Dataset extract:
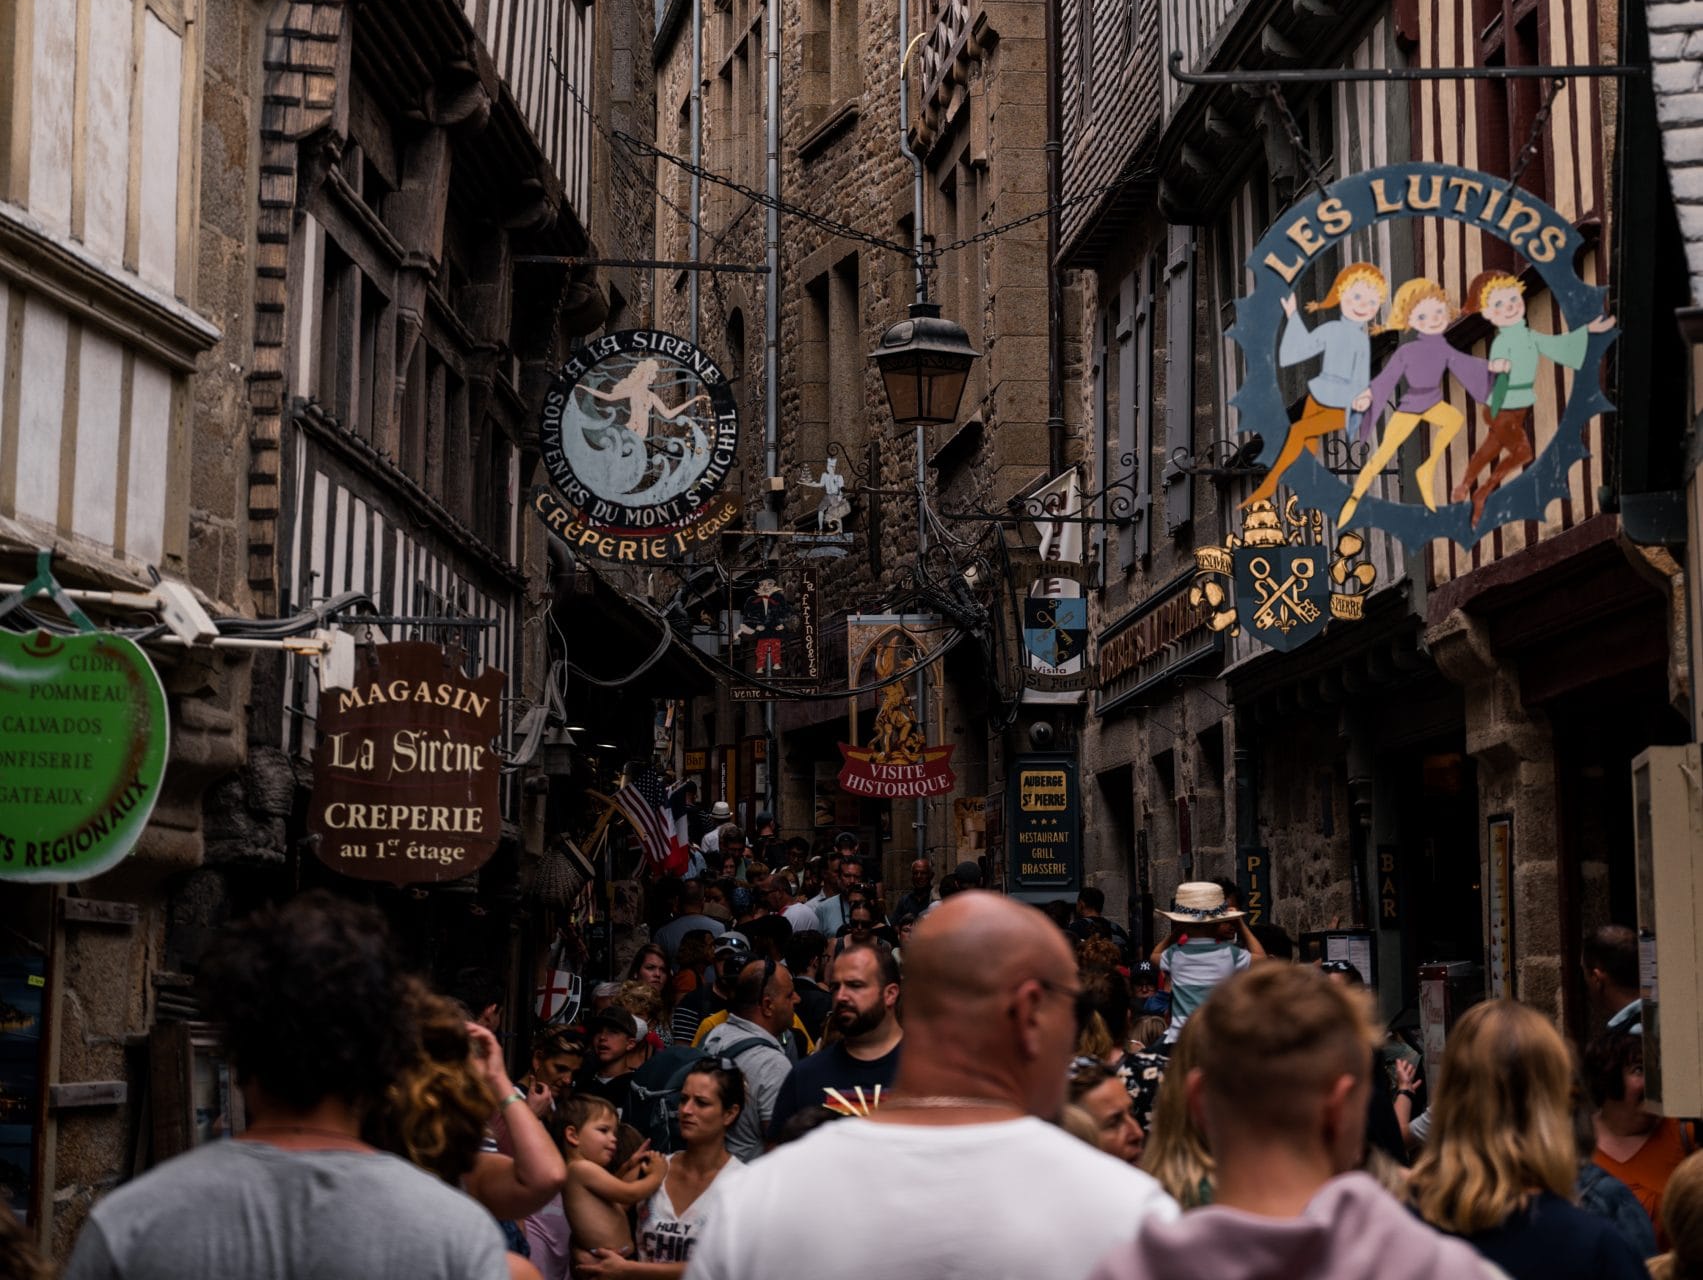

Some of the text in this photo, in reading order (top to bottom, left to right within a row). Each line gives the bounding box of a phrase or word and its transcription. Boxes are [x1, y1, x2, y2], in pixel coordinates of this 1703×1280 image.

[1263, 174, 1567, 284] LES LUTINS
[544, 391, 590, 506] SOUVENIRS
[592, 500, 619, 522] DU
[625, 498, 682, 526] MONT
[700, 408, 737, 490] MICHEL
[29, 684, 128, 702] POMMEAU
[338, 680, 490, 718] MAGASIN
[3, 717, 102, 735] CALVADOS
[328, 729, 485, 782] La Sirène
[870, 764, 926, 780] VISITE
[1024, 775, 1063, 788] AUBERGE
[846, 773, 950, 796] HISTORIQUE
[1034, 793, 1065, 806] PIERRE
[25, 774, 149, 867] REGIONAUX
[324, 803, 484, 833] CREPERIE
[1020, 831, 1069, 843] RESTAURANT
[340, 844, 367, 858] au
[406, 840, 466, 865] étage
[1032, 848, 1055, 859] GRILL
[1022, 864, 1066, 875] BRASSERIE
[1380, 853, 1399, 919] BAR
[656, 1222, 691, 1235] HOLY

Instructions for the task:
The data is to be restated word for word, with any pictures set aside.

Reply:
Some of the text in this photo, in reading order (top to bottom, left to right within a row). Each line gives the bounding box of a phrase or word and its transcription. Boxes are [x1, y1, x2, y2], in pixel coordinates of this 1703×1280 image.

[1263, 174, 1567, 284] LES LUTINS
[544, 391, 590, 506] SOUVENIRS
[592, 500, 619, 522] DU
[625, 498, 682, 526] MONT
[700, 408, 737, 490] MICHEL
[29, 684, 128, 702] POMMEAU
[338, 680, 490, 718] MAGASIN
[3, 717, 102, 735] CALVADOS
[328, 729, 485, 782] La Sirène
[870, 764, 926, 780] VISITE
[1024, 775, 1063, 788] AUBERGE
[846, 773, 950, 796] HISTORIQUE
[1034, 793, 1065, 806] PIERRE
[25, 774, 149, 867] REGIONAUX
[324, 803, 484, 833] CREPERIE
[1020, 831, 1069, 843] RESTAURANT
[340, 844, 367, 858] au
[406, 840, 466, 865] étage
[1032, 848, 1055, 859] GRILL
[1022, 864, 1066, 875] BRASSERIE
[1380, 853, 1399, 919] BAR
[656, 1222, 691, 1235] HOLY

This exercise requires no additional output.